» **The problem**: Quote the listing below in full and exactly as written, but omit every picture.

━━━━

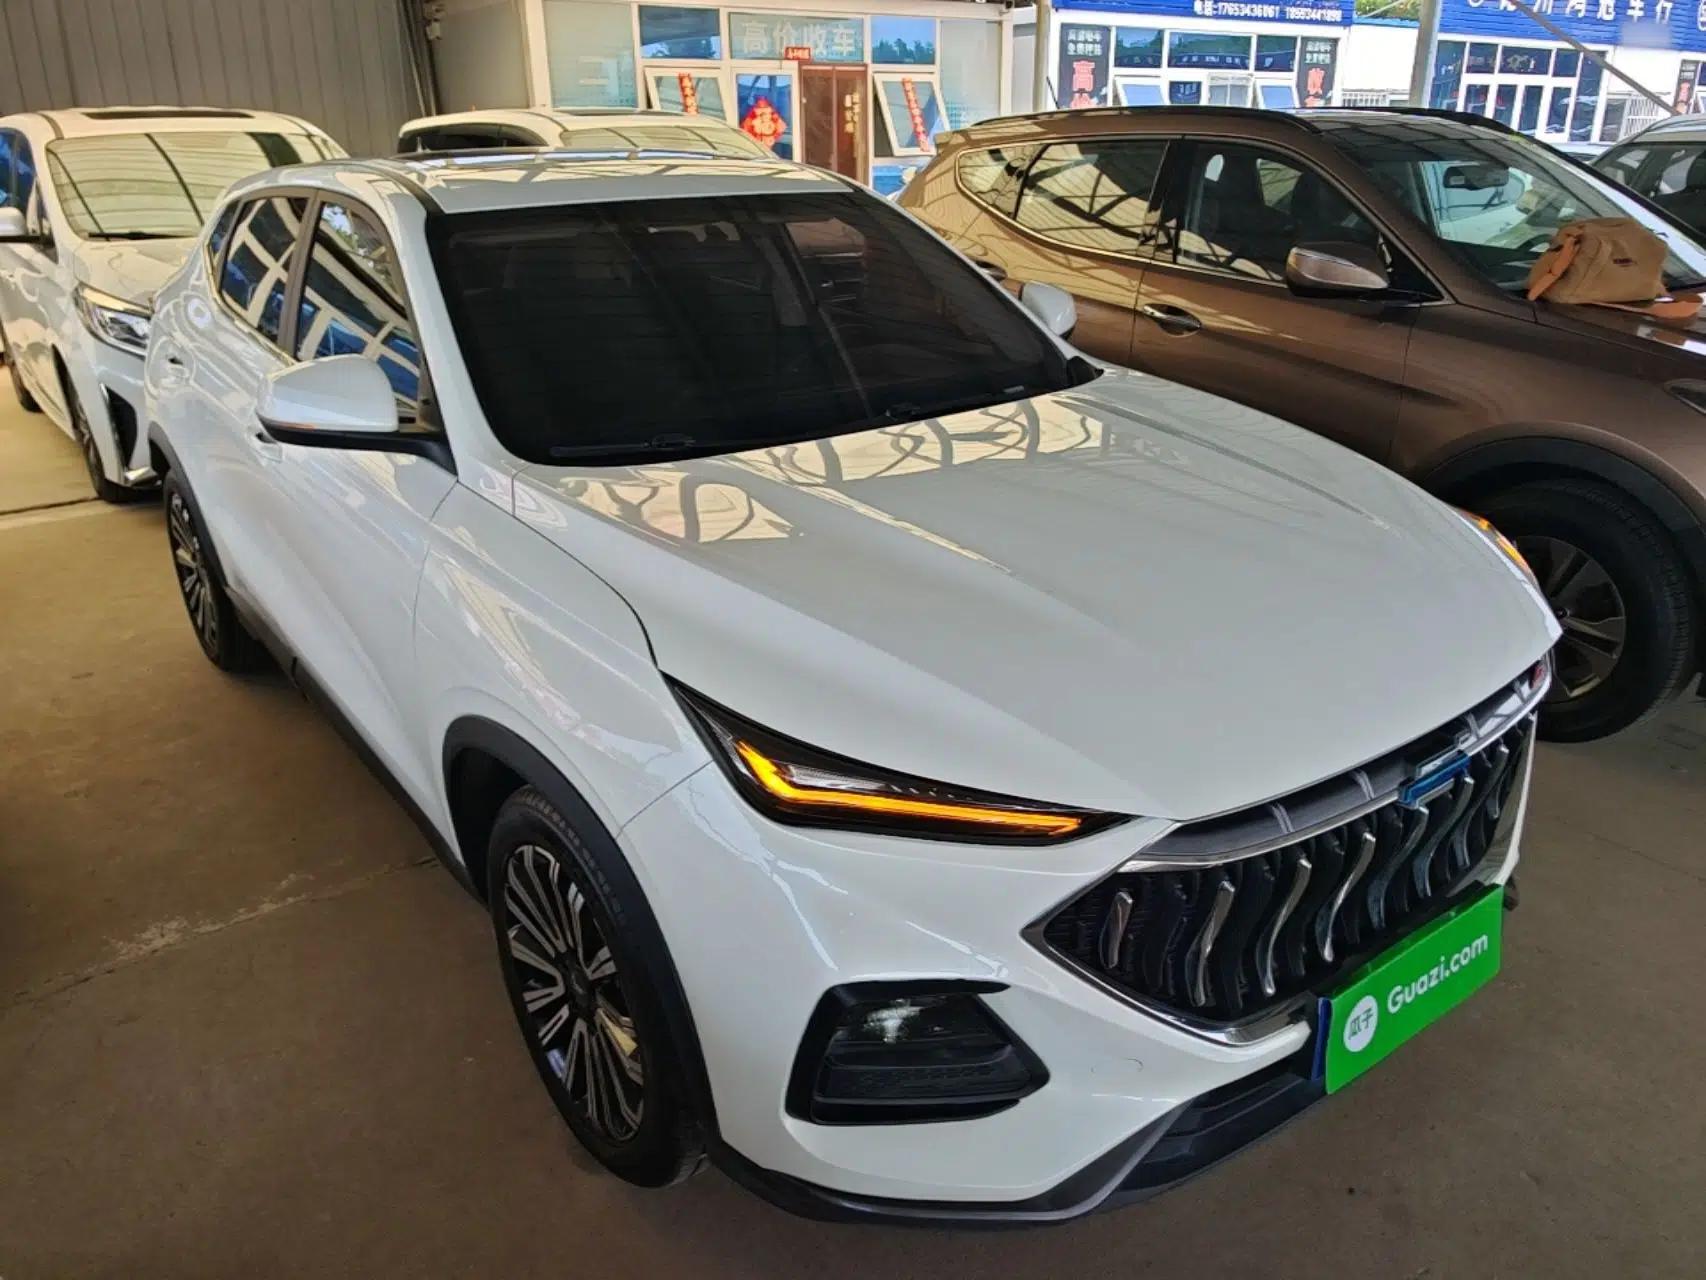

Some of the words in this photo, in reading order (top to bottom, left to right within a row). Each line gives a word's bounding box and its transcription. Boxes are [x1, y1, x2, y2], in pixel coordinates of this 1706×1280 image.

[742, 20, 857, 57] 高价收车
[1387, 934, 1489, 1014] Guazi.com
[1348, 1006, 1374, 1041] 瓜子
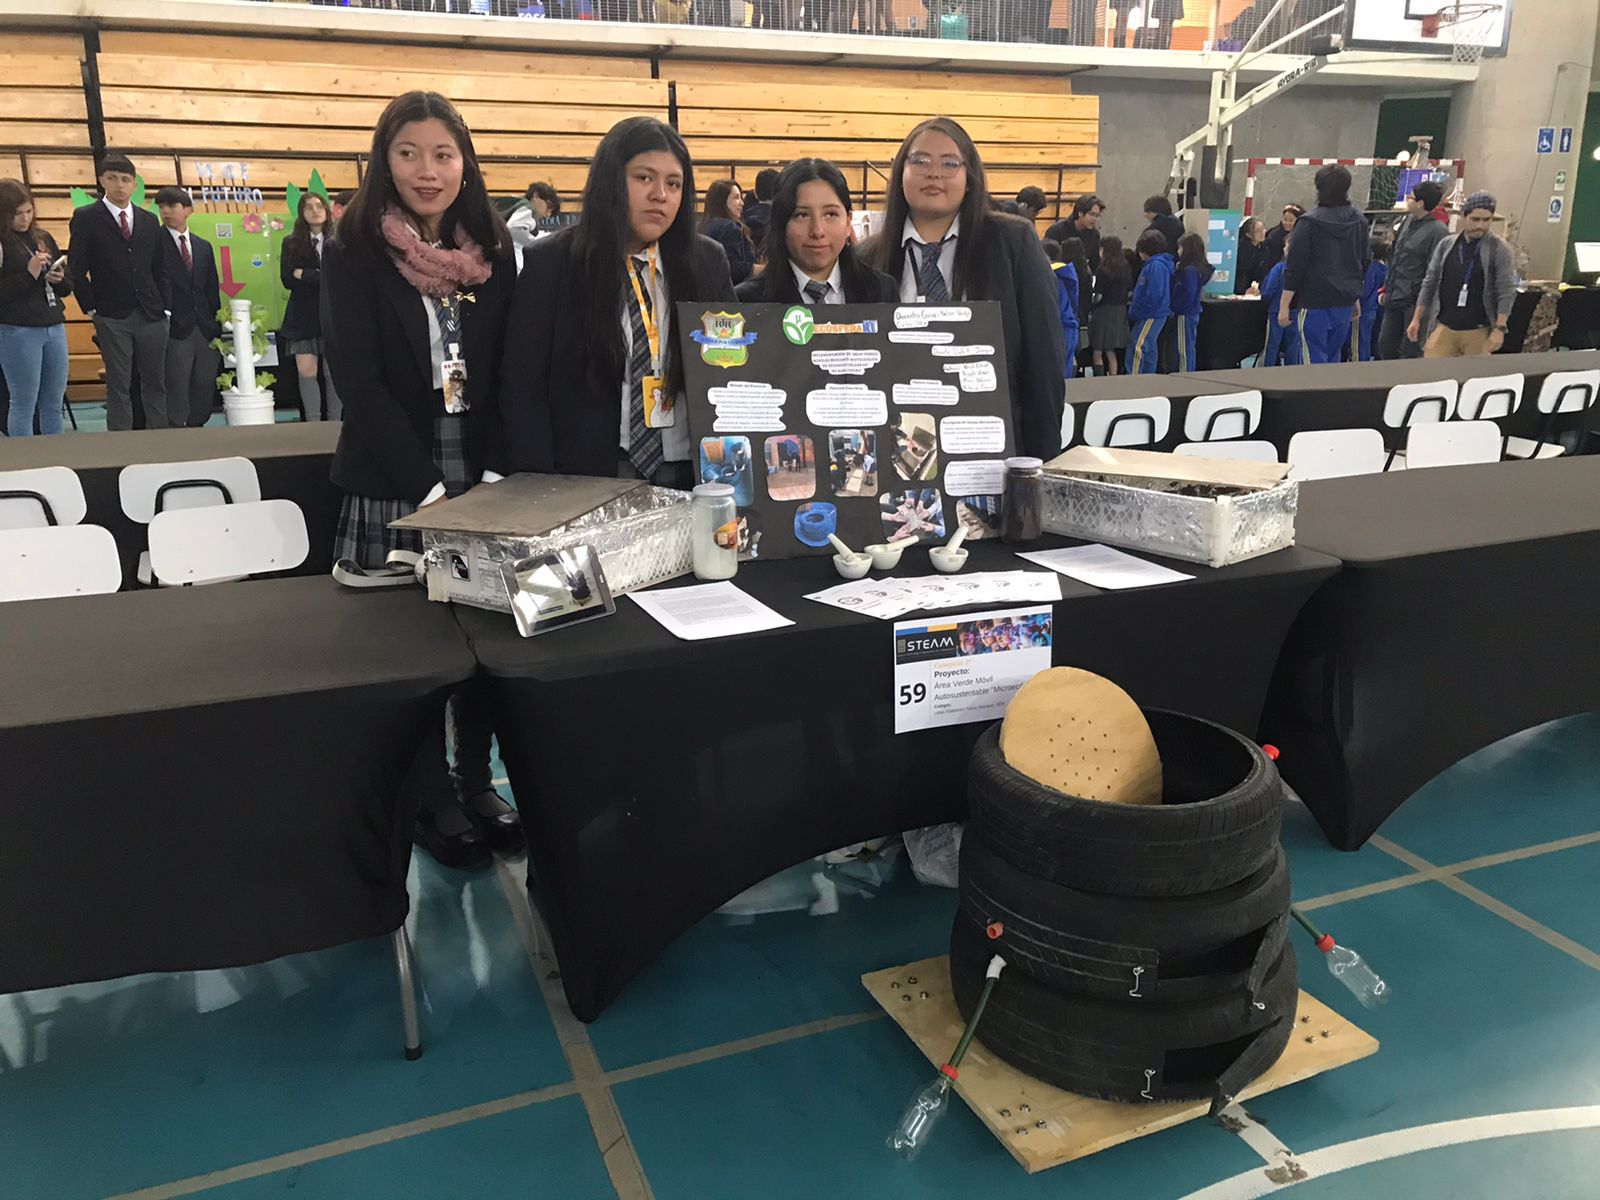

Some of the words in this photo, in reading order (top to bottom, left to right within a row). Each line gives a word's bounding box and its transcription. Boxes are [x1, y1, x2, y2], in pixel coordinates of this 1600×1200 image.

[202, 187, 263, 207] FUTURO
[907, 637, 954, 651] STEAM
[934, 669, 970, 678] Proyecto:
[953, 679, 973, 687] Verde
[899, 683, 927, 706] 59
[934, 688, 989, 700] Autosustentable
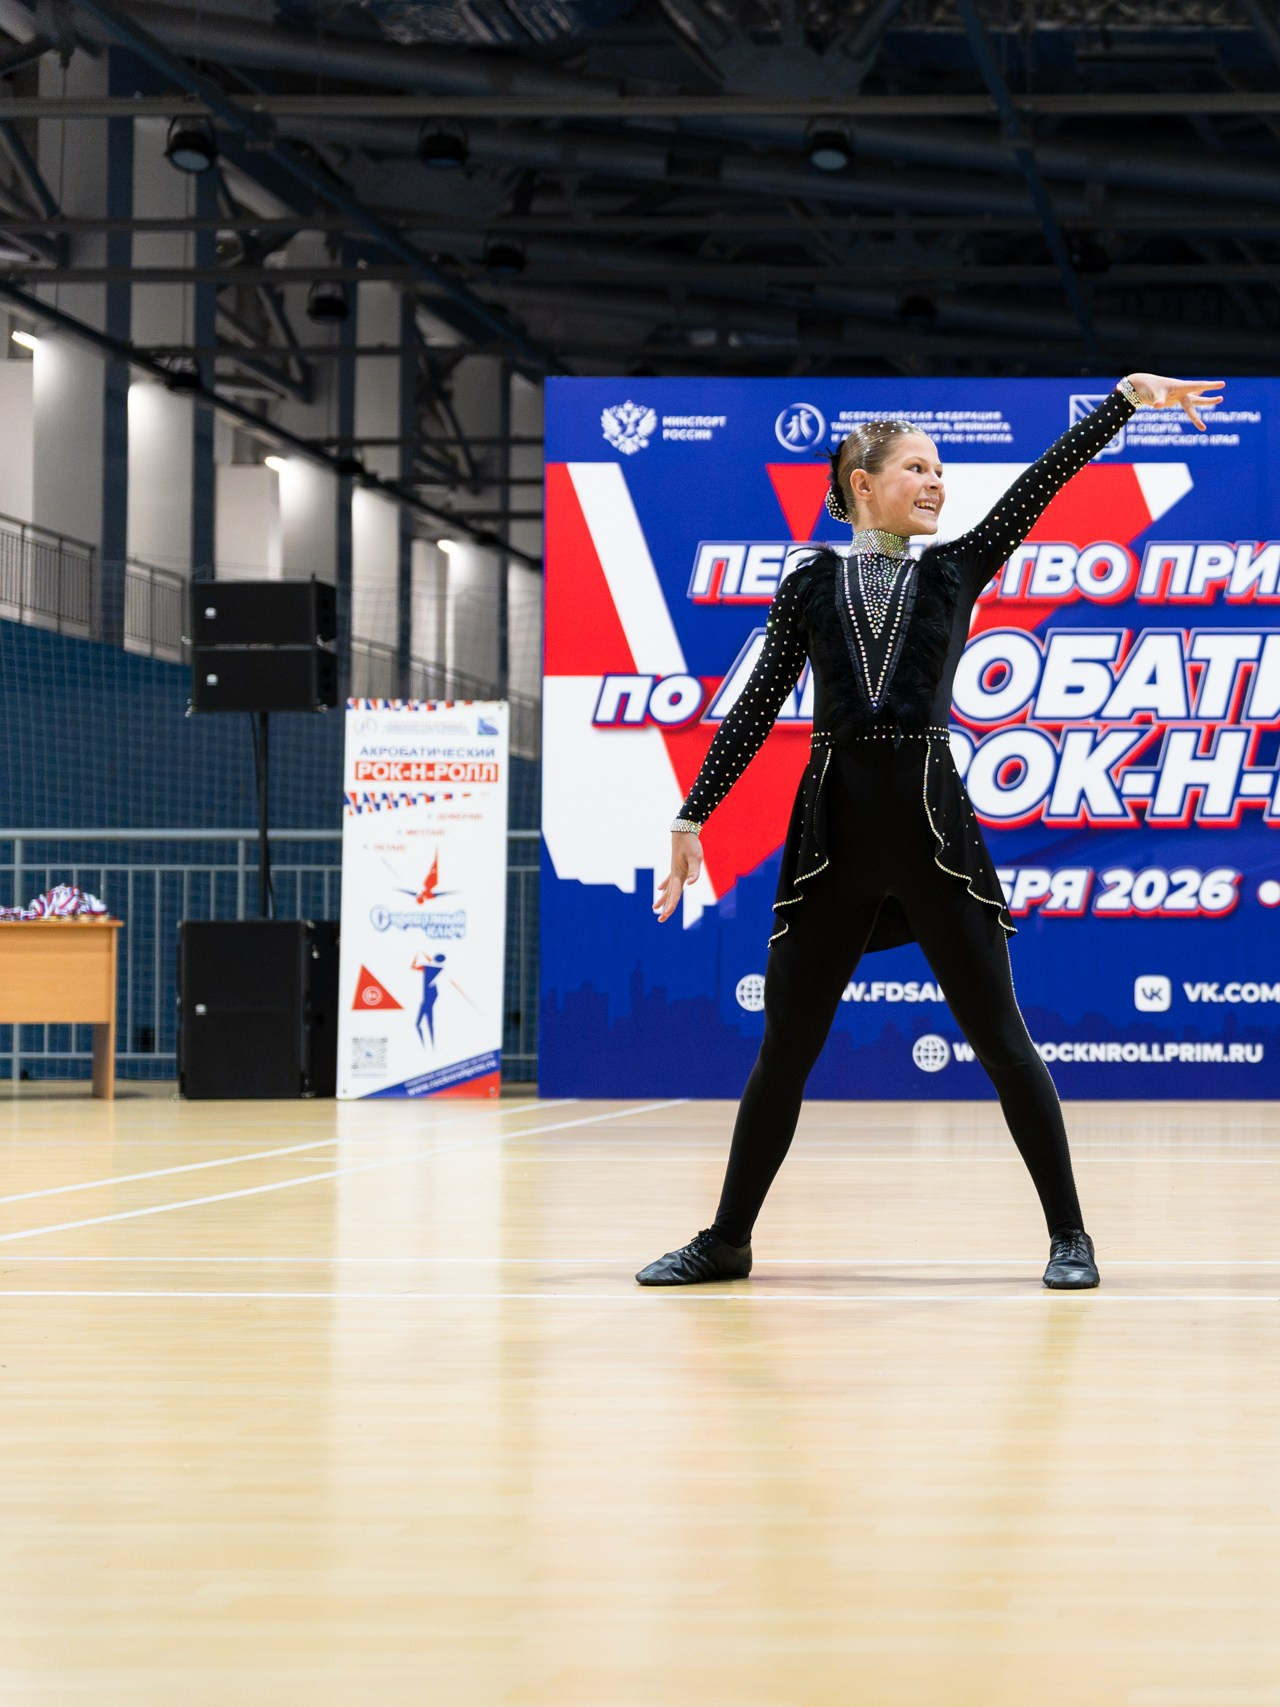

━━━━

» **Response area**:
Some of the words in this photo, in reading order (top to bottom, left to right within a row). Each line gives a word's bounding box and its transcription. Boxes are [x1, y1, x2, y2], in pixel coordinates of this 1706×1280 image.

[742, 20, 857, 57] 高价收车
[1387, 934, 1489, 1014] Guazi.com
[1348, 1006, 1374, 1041] 瓜子

Some of the words in this photo, in reading order (top to bottom, left to right within a row). Each line gives a word's bounding box and its transcription. Boxes are [x1, y1, x2, y2], in pixel coordinates of this 1600×1200 image.

[202, 187, 263, 207] FUTURO
[907, 637, 954, 651] STEAM
[934, 669, 970, 678] Proyecto:
[953, 679, 973, 687] Verde
[899, 683, 927, 706] 59
[934, 688, 989, 700] Autosustentable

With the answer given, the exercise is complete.